BEGIN Materials provided
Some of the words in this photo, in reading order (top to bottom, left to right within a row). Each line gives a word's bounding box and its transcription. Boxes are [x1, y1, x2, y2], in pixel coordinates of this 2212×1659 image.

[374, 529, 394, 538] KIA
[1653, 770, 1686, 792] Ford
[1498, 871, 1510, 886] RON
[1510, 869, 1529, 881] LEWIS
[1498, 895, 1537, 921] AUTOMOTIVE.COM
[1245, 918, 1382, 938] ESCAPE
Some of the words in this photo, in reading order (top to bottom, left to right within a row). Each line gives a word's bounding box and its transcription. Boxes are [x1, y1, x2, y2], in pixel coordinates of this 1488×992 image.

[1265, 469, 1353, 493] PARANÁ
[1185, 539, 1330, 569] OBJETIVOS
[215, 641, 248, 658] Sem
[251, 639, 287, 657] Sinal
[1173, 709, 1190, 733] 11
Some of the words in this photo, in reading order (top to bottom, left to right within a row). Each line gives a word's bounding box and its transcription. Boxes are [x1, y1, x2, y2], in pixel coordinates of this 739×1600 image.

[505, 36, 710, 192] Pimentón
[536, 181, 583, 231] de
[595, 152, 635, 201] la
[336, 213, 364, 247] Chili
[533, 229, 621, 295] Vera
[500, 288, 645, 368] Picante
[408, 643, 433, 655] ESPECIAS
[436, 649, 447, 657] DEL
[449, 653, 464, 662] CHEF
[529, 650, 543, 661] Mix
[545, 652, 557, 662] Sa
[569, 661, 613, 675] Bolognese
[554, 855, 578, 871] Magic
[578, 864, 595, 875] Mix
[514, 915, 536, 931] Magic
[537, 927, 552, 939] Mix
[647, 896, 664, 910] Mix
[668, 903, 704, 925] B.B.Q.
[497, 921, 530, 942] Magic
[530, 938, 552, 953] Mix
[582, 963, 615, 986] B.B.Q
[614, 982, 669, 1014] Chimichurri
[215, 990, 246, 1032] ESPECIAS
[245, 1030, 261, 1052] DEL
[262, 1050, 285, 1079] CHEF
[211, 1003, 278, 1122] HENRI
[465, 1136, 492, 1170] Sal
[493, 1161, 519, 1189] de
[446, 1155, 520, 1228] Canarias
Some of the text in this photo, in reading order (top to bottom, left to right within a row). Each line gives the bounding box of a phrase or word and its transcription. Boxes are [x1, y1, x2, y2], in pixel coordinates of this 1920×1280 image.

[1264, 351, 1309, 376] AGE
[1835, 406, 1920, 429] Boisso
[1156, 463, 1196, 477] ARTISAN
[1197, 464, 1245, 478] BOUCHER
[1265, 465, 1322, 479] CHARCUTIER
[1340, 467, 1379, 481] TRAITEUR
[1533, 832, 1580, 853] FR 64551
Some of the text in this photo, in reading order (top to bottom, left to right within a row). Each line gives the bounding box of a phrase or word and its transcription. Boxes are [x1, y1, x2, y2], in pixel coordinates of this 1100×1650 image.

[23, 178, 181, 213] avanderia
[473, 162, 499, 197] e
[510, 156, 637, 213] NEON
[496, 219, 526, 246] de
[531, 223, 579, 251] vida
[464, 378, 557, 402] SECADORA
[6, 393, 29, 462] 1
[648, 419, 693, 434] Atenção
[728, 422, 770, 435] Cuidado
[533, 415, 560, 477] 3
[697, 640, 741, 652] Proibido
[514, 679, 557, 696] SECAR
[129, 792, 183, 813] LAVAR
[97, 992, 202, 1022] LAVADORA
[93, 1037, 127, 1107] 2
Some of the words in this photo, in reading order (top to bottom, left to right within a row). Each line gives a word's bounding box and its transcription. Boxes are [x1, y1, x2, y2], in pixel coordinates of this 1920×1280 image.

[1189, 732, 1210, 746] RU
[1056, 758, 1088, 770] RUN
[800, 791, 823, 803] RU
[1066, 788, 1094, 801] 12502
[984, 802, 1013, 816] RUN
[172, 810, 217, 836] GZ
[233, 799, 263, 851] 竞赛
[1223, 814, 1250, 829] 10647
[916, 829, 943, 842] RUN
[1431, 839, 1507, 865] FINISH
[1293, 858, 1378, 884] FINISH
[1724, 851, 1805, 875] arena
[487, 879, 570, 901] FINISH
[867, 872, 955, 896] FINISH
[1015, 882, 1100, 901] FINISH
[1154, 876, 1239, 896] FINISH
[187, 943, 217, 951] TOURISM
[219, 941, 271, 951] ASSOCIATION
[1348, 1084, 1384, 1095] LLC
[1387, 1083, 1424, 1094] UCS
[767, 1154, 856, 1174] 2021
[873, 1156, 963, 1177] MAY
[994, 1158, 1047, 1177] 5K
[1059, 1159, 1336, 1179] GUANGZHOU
END Materials provided
* Task instructions:
Verbatim and in full, return the listing above.

* Exercise answer:
Some of the words in this photo, in reading order (top to bottom, left to right within a row). Each line gives a word's bounding box and its transcription. Boxes are [x1, y1, x2, y2], in pixel coordinates of this 2212×1659 image.

[374, 529, 394, 538] KIA
[1653, 770, 1686, 792] Ford
[1498, 871, 1510, 886] RON
[1510, 869, 1529, 881] LEWIS
[1498, 895, 1537, 921] AUTOMOTIVE.COM
[1245, 918, 1382, 938] ESCAPE
Some of the words in this photo, in reading order (top to bottom, left to right within a row). Each line gives a word's bounding box and its transcription. Boxes are [x1, y1, x2, y2], in pixel coordinates of this 1488×992 image.

[1265, 469, 1353, 493] PARANÁ
[1185, 539, 1330, 569] OBJETIVOS
[215, 641, 248, 658] Sem
[251, 639, 287, 657] Sinal
[1173, 709, 1190, 733] 11
Some of the words in this photo, in reading order (top to bottom, left to right within a row). Each line gives a word's bounding box and its transcription. Boxes are [x1, y1, x2, y2], in pixel coordinates of this 739×1600 image.

[505, 36, 710, 192] Pimentón
[536, 181, 583, 231] de
[595, 152, 635, 201] la
[336, 213, 364, 247] Chili
[533, 229, 621, 295] Vera
[500, 288, 645, 368] Picante
[408, 643, 433, 655] ESPECIAS
[436, 649, 447, 657] DEL
[449, 653, 464, 662] CHEF
[529, 650, 543, 661] Mix
[545, 652, 557, 662] Sa
[569, 661, 613, 675] Bolognese
[554, 855, 578, 871] Magic
[578, 864, 595, 875] Mix
[514, 915, 536, 931] Magic
[537, 927, 552, 939] Mix
[647, 896, 664, 910] Mix
[668, 903, 704, 925] B.B.Q.
[497, 921, 530, 942] Magic
[530, 938, 552, 953] Mix
[582, 963, 615, 986] B.B.Q
[614, 982, 669, 1014] Chimichurri
[215, 990, 246, 1032] ESPECIAS
[245, 1030, 261, 1052] DEL
[262, 1050, 285, 1079] CHEF
[211, 1003, 278, 1122] HENRI
[465, 1136, 492, 1170] Sal
[493, 1161, 519, 1189] de
[446, 1155, 520, 1228] Canarias
Some of the text in this photo, in reading order (top to bottom, left to right within a row). Each line gives the bounding box of a phrase or word and its transcription. Boxes are [x1, y1, x2, y2], in pixel coordinates of this 1920×1280 image.

[1264, 351, 1309, 376] AGE
[1835, 406, 1920, 429] Boisso
[1156, 463, 1196, 477] ARTISAN
[1197, 464, 1245, 478] BOUCHER
[1265, 465, 1322, 479] CHARCUTIER
[1340, 467, 1379, 481] TRAITEUR
[1533, 832, 1580, 853] FR 64551
Some of the text in this photo, in reading order (top to bottom, left to right within a row). Each line gives the bounding box of a phrase or word and its transcription. Boxes are [x1, y1, x2, y2], in pixel coordinates of this 1100×1650 image.

[23, 178, 181, 213] avanderia
[473, 162, 499, 197] e
[510, 156, 637, 213] NEON
[496, 219, 526, 246] de
[531, 223, 579, 251] vida
[464, 378, 557, 402] SECADORA
[6, 393, 29, 462] 1
[648, 419, 693, 434] Atenção
[728, 422, 770, 435] Cuidado
[533, 415, 560, 477] 3
[697, 640, 741, 652] Proibido
[514, 679, 557, 696] SECAR
[129, 792, 183, 813] LAVAR
[97, 992, 202, 1022] LAVADORA
[93, 1037, 127, 1107] 2
Some of the words in this photo, in reading order (top to bottom, left to right within a row). Each line gives a word's bounding box and its transcription. Boxes are [x1, y1, x2, y2], in pixel coordinates of this 1920×1280 image.

[1189, 732, 1210, 746] RU
[1056, 758, 1088, 770] RUN
[800, 791, 823, 803] RU
[1066, 788, 1094, 801] 12502
[984, 802, 1013, 816] RUN
[172, 810, 217, 836] GZ
[233, 799, 263, 851] 竞赛
[1223, 814, 1250, 829] 10647
[916, 829, 943, 842] RUN
[1431, 839, 1507, 865] FINISH
[1293, 858, 1378, 884] FINISH
[1724, 851, 1805, 875] arena
[487, 879, 570, 901] FINISH
[867, 872, 955, 896] FINISH
[1015, 882, 1100, 901] FINISH
[1154, 876, 1239, 896] FINISH
[187, 943, 217, 951] TOURISM
[219, 941, 271, 951] ASSOCIATION
[1348, 1084, 1384, 1095] LLC
[1387, 1083, 1424, 1094] UCS
[767, 1154, 856, 1174] 2021
[873, 1156, 963, 1177] MAY
[994, 1158, 1047, 1177] 5K
[1059, 1159, 1336, 1179] GUANGZHOU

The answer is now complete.